(Saved data entries)
--*--

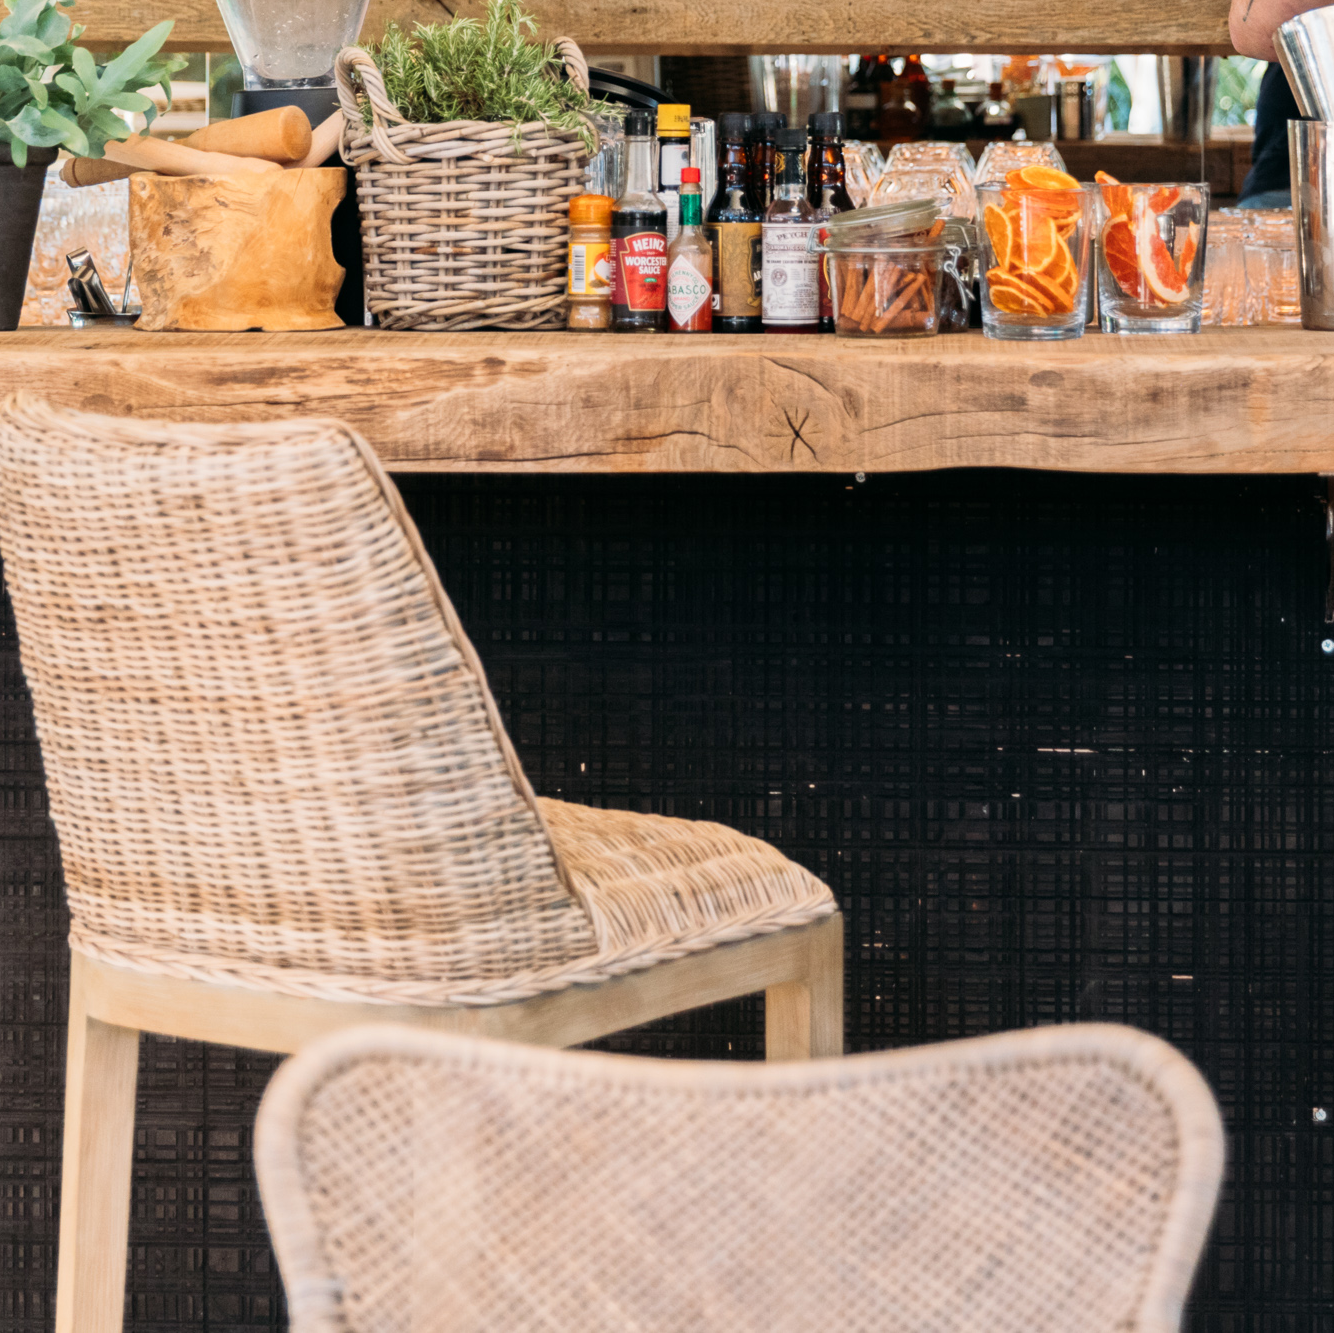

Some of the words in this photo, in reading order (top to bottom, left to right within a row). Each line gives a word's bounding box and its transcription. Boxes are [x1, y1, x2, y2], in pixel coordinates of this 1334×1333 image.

[775, 231, 808, 241] PEYCH
[632, 237, 665, 253] HEINZ
[638, 266, 661, 275] SAUCE
[668, 284, 707, 295] ABASCO

--*--

## Brief
In the copy, no picture may appear; the records themselves must be output exactly.

## Written response
Some of the words in this photo, in reading order (top to bottom, left to right within a row). Each line gives a word's bounding box and its transcription. Boxes are [x1, y1, x2, y2], in pixel coordinates of this 1334×1333 image.

[775, 231, 808, 241] PEYCH
[632, 237, 665, 253] HEINZ
[638, 266, 661, 275] SAUCE
[668, 284, 707, 295] ABASCO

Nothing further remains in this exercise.